WHAT YOU WILL DO:
Would you repeat the whole listing exactly?

SUPPLIED ENTRIES section start

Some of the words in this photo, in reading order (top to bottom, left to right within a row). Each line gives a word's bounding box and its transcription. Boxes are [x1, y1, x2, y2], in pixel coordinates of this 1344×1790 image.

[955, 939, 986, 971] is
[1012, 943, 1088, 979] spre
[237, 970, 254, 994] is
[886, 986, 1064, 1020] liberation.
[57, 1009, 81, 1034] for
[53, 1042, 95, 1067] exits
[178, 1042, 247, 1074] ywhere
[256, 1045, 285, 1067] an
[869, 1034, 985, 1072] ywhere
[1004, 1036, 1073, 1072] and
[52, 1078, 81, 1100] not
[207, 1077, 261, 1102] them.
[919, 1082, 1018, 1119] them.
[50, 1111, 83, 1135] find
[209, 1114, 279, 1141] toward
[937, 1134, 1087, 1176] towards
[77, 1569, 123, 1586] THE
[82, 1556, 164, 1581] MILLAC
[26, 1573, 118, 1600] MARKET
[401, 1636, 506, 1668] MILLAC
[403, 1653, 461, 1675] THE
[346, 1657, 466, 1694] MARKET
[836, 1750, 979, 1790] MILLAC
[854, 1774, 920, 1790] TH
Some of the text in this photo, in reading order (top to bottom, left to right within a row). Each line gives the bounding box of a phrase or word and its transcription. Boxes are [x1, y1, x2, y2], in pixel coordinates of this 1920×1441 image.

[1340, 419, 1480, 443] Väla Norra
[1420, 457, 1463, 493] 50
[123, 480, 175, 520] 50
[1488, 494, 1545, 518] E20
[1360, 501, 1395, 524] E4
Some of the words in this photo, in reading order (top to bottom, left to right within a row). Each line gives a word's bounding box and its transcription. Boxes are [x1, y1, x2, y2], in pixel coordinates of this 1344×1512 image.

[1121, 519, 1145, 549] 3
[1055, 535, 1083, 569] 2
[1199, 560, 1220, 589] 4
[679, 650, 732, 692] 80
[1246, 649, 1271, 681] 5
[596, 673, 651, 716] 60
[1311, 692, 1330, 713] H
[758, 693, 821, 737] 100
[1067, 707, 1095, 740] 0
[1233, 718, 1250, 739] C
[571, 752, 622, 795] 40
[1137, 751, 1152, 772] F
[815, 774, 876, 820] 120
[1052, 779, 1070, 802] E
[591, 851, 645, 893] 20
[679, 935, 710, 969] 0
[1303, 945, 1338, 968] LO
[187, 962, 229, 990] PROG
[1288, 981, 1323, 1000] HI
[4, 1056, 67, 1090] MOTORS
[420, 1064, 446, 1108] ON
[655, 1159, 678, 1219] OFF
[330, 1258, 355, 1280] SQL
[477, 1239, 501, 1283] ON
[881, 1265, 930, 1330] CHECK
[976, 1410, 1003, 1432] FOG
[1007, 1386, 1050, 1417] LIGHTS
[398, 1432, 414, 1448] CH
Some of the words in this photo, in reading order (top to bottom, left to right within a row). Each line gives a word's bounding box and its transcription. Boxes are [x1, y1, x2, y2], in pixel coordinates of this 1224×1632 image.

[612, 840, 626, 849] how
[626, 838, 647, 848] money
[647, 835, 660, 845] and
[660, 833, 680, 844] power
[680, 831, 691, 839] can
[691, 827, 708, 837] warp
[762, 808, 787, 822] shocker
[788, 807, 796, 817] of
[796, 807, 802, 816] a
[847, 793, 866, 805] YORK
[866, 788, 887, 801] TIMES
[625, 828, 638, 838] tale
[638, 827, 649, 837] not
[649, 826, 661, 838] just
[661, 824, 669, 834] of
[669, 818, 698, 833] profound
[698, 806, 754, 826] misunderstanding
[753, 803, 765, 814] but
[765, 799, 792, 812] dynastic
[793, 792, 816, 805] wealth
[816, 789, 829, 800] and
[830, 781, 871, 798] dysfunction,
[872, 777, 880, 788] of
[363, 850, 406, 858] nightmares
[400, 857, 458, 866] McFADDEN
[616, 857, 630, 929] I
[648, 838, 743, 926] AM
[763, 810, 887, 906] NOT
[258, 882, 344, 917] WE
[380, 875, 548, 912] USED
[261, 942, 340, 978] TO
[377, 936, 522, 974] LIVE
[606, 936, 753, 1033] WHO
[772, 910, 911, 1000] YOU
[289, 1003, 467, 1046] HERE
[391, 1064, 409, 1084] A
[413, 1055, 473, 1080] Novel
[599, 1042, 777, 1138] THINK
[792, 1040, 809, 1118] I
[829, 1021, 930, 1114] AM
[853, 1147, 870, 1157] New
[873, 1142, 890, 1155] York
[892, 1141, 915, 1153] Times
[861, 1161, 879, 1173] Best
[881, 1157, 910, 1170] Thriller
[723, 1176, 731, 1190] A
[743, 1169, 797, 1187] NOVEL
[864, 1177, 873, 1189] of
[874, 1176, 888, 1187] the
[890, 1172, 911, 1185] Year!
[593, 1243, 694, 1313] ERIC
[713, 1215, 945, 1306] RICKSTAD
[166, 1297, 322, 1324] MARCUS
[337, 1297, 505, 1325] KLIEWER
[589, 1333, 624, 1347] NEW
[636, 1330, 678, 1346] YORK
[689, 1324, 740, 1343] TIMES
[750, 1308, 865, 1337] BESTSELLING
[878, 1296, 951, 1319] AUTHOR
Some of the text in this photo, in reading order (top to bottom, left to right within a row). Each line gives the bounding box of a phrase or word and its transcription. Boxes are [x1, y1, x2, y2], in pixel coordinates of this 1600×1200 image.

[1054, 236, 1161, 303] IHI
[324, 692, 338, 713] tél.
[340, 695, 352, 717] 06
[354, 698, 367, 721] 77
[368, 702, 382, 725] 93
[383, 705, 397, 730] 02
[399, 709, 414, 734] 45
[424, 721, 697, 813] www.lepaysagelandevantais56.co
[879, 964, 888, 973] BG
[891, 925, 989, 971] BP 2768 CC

SUPPLIED ENTRIES section end

OUTPUT OF THE EXERCISE:
Some of the words in this photo, in reading order (top to bottom, left to right within a row). Each line gives a word's bounding box and its transcription. Boxes are [x1, y1, x2, y2], in pixel coordinates of this 1344×1790 image.

[955, 939, 986, 971] is
[1012, 943, 1088, 979] spre
[237, 970, 254, 994] is
[886, 986, 1064, 1020] liberation.
[57, 1009, 81, 1034] for
[53, 1042, 95, 1067] exits
[178, 1042, 247, 1074] ywhere
[256, 1045, 285, 1067] an
[869, 1034, 985, 1072] ywhere
[1004, 1036, 1073, 1072] and
[52, 1078, 81, 1100] not
[207, 1077, 261, 1102] them.
[919, 1082, 1018, 1119] them.
[50, 1111, 83, 1135] find
[209, 1114, 279, 1141] toward
[937, 1134, 1087, 1176] towards
[77, 1569, 123, 1586] THE
[82, 1556, 164, 1581] MILLAC
[26, 1573, 118, 1600] MARKET
[401, 1636, 506, 1668] MILLAC
[403, 1653, 461, 1675] THE
[346, 1657, 466, 1694] MARKET
[836, 1750, 979, 1790] MILLAC
[854, 1774, 920, 1790] TH
Some of the text in this photo, in reading order (top to bottom, left to right within a row). Each line gives the bounding box of a phrase or word and its transcription. Boxes are [x1, y1, x2, y2], in pixel coordinates of this 1920×1441 image.

[1340, 419, 1480, 443] Väla Norra
[1420, 457, 1463, 493] 50
[123, 480, 175, 520] 50
[1488, 494, 1545, 518] E20
[1360, 501, 1395, 524] E4
Some of the words in this photo, in reading order (top to bottom, left to right within a row). Each line gives a word's bounding box and its transcription. Boxes are [x1, y1, x2, y2], in pixel coordinates of this 1344×1512 image.

[1121, 519, 1145, 549] 3
[1055, 535, 1083, 569] 2
[1199, 560, 1220, 589] 4
[679, 650, 732, 692] 80
[1246, 649, 1271, 681] 5
[596, 673, 651, 716] 60
[1311, 692, 1330, 713] H
[758, 693, 821, 737] 100
[1067, 707, 1095, 740] 0
[1233, 718, 1250, 739] C
[571, 752, 622, 795] 40
[1137, 751, 1152, 772] F
[815, 774, 876, 820] 120
[1052, 779, 1070, 802] E
[591, 851, 645, 893] 20
[679, 935, 710, 969] 0
[1303, 945, 1338, 968] LO
[187, 962, 229, 990] PROG
[1288, 981, 1323, 1000] HI
[4, 1056, 67, 1090] MOTORS
[420, 1064, 446, 1108] ON
[655, 1159, 678, 1219] OFF
[330, 1258, 355, 1280] SQL
[477, 1239, 501, 1283] ON
[881, 1265, 930, 1330] CHECK
[976, 1410, 1003, 1432] FOG
[1007, 1386, 1050, 1417] LIGHTS
[398, 1432, 414, 1448] CH
Some of the words in this photo, in reading order (top to bottom, left to right within a row). Each line gives a word's bounding box and its transcription. Boxes are [x1, y1, x2, y2], in pixel coordinates of this 1224×1632 image.

[612, 840, 626, 849] how
[626, 838, 647, 848] money
[647, 835, 660, 845] and
[660, 833, 680, 844] power
[680, 831, 691, 839] can
[691, 827, 708, 837] warp
[762, 808, 787, 822] shocker
[788, 807, 796, 817] of
[796, 807, 802, 816] a
[847, 793, 866, 805] YORK
[866, 788, 887, 801] TIMES
[625, 828, 638, 838] tale
[638, 827, 649, 837] not
[649, 826, 661, 838] just
[661, 824, 669, 834] of
[669, 818, 698, 833] profound
[698, 806, 754, 826] misunderstanding
[753, 803, 765, 814] but
[765, 799, 792, 812] dynastic
[793, 792, 816, 805] wealth
[816, 789, 829, 800] and
[830, 781, 871, 798] dysfunction,
[872, 777, 880, 788] of
[363, 850, 406, 858] nightmares
[400, 857, 458, 866] McFADDEN
[616, 857, 630, 929] I
[648, 838, 743, 926] AM
[763, 810, 887, 906] NOT
[258, 882, 344, 917] WE
[380, 875, 548, 912] USED
[261, 942, 340, 978] TO
[377, 936, 522, 974] LIVE
[606, 936, 753, 1033] WHO
[772, 910, 911, 1000] YOU
[289, 1003, 467, 1046] HERE
[391, 1064, 409, 1084] A
[413, 1055, 473, 1080] Novel
[599, 1042, 777, 1138] THINK
[792, 1040, 809, 1118] I
[829, 1021, 930, 1114] AM
[853, 1147, 870, 1157] New
[873, 1142, 890, 1155] York
[892, 1141, 915, 1153] Times
[861, 1161, 879, 1173] Best
[881, 1157, 910, 1170] Thriller
[723, 1176, 731, 1190] A
[743, 1169, 797, 1187] NOVEL
[864, 1177, 873, 1189] of
[874, 1176, 888, 1187] the
[890, 1172, 911, 1185] Year!
[593, 1243, 694, 1313] ERIC
[713, 1215, 945, 1306] RICKSTAD
[166, 1297, 322, 1324] MARCUS
[337, 1297, 505, 1325] KLIEWER
[589, 1333, 624, 1347] NEW
[636, 1330, 678, 1346] YORK
[689, 1324, 740, 1343] TIMES
[750, 1308, 865, 1337] BESTSELLING
[878, 1296, 951, 1319] AUTHOR
Some of the text in this photo, in reading order (top to bottom, left to right within a row). Each line gives the bounding box of a phrase or word and its transcription. Boxes are [x1, y1, x2, y2], in pixel coordinates of this 1600×1200 image.

[1054, 236, 1161, 303] IHI
[324, 692, 338, 713] tél.
[340, 695, 352, 717] 06
[354, 698, 367, 721] 77
[368, 702, 382, 725] 93
[383, 705, 397, 730] 02
[399, 709, 414, 734] 45
[424, 721, 697, 813] www.lepaysagelandevantais56.co
[879, 964, 888, 973] BG
[891, 925, 989, 971] BP 2768 CC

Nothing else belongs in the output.